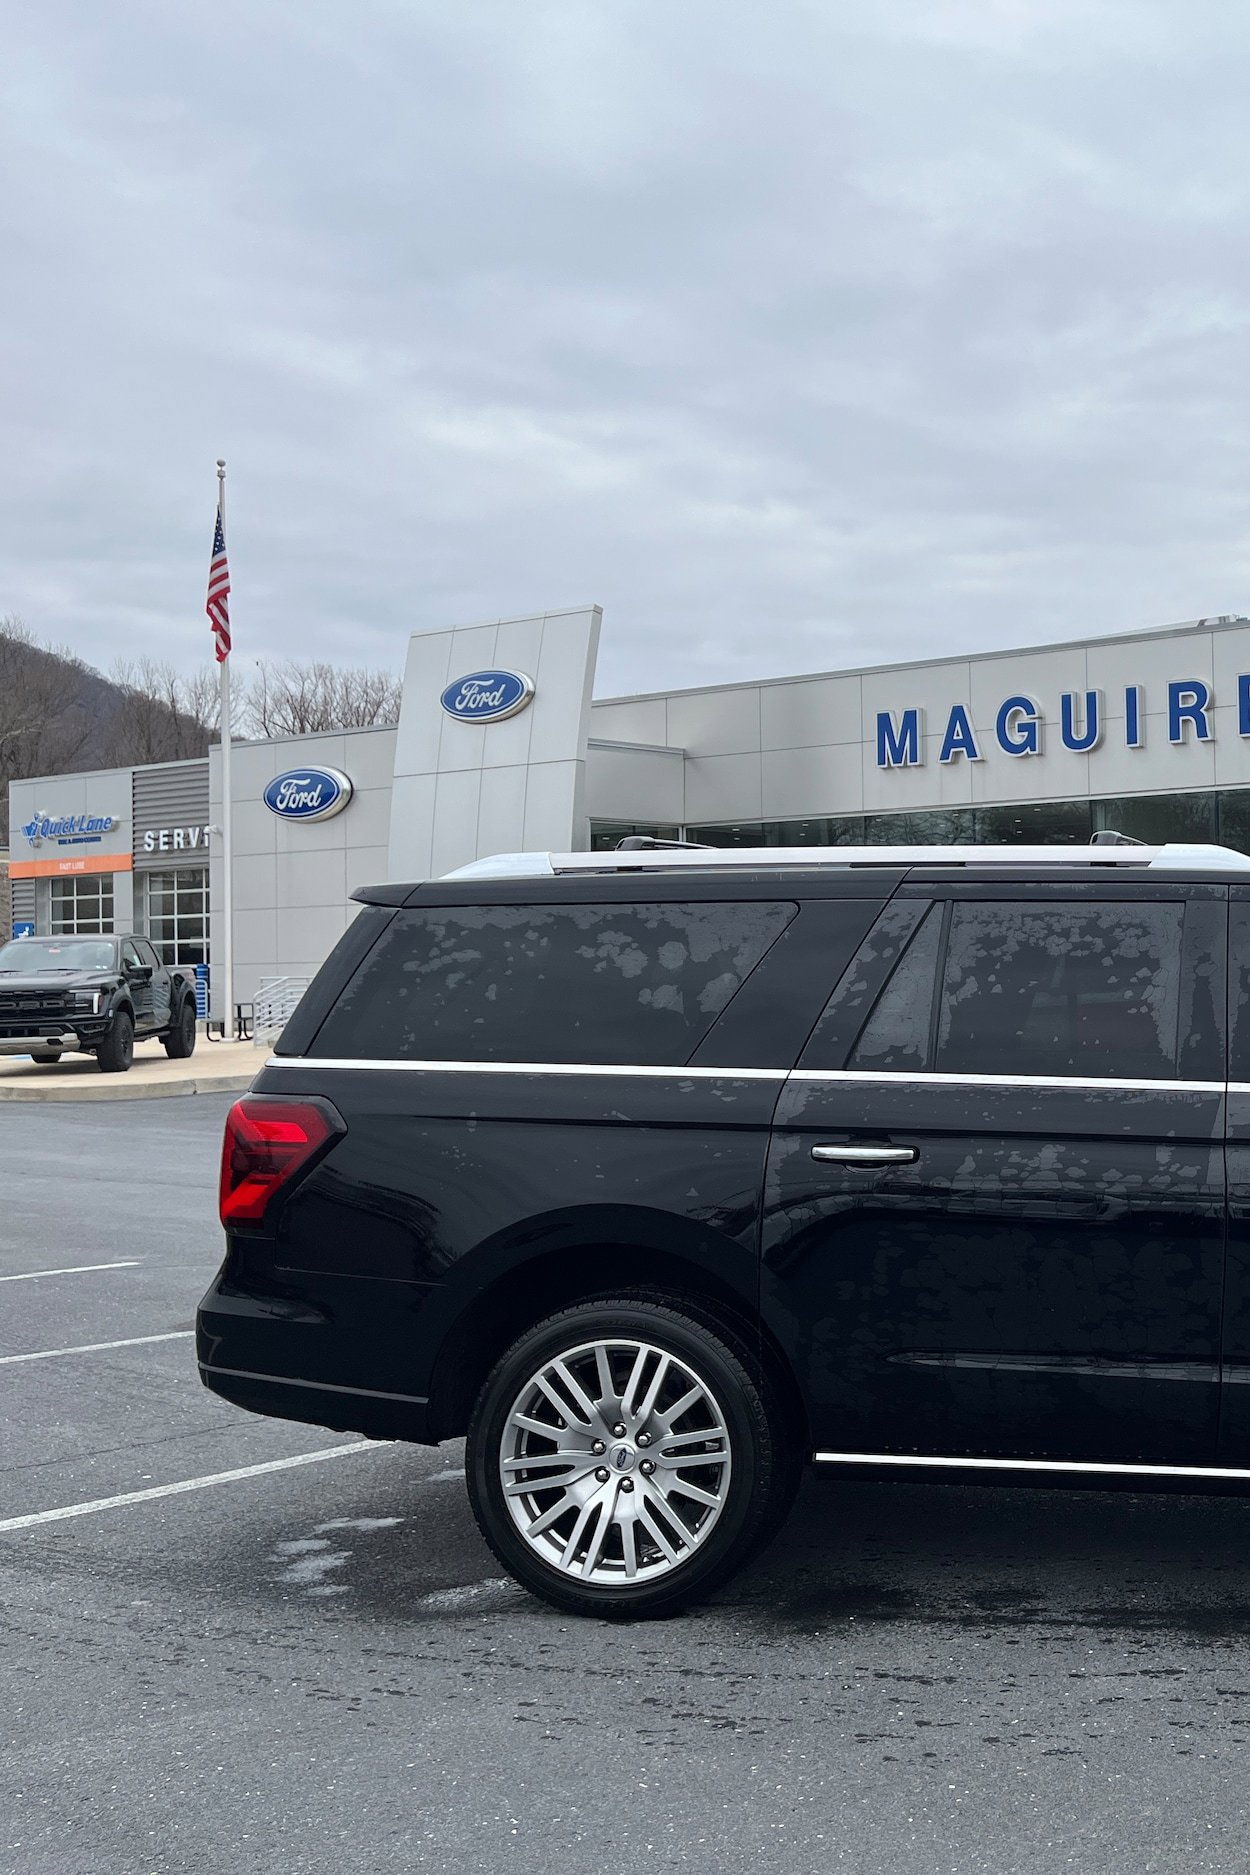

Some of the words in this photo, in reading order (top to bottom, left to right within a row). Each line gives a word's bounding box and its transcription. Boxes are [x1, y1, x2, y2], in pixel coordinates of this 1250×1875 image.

[455, 679, 504, 711] Ford
[276, 778, 321, 810] Ford
[40, 816, 75, 838] Quick
[78, 815, 112, 833] Lane

::::::::

Here the job is to print the data above exactly, except for any pictures.

Some of the words in this photo, in reading order (top to bottom, left to right within a row). Each line gives a word's bounding box and its transcription. Boxes are [x1, y1, x2, y2], in pixel coordinates of this 1250×1875 image.

[455, 679, 504, 711] Ford
[276, 778, 321, 810] Ford
[40, 816, 75, 838] Quick
[78, 815, 112, 833] Lane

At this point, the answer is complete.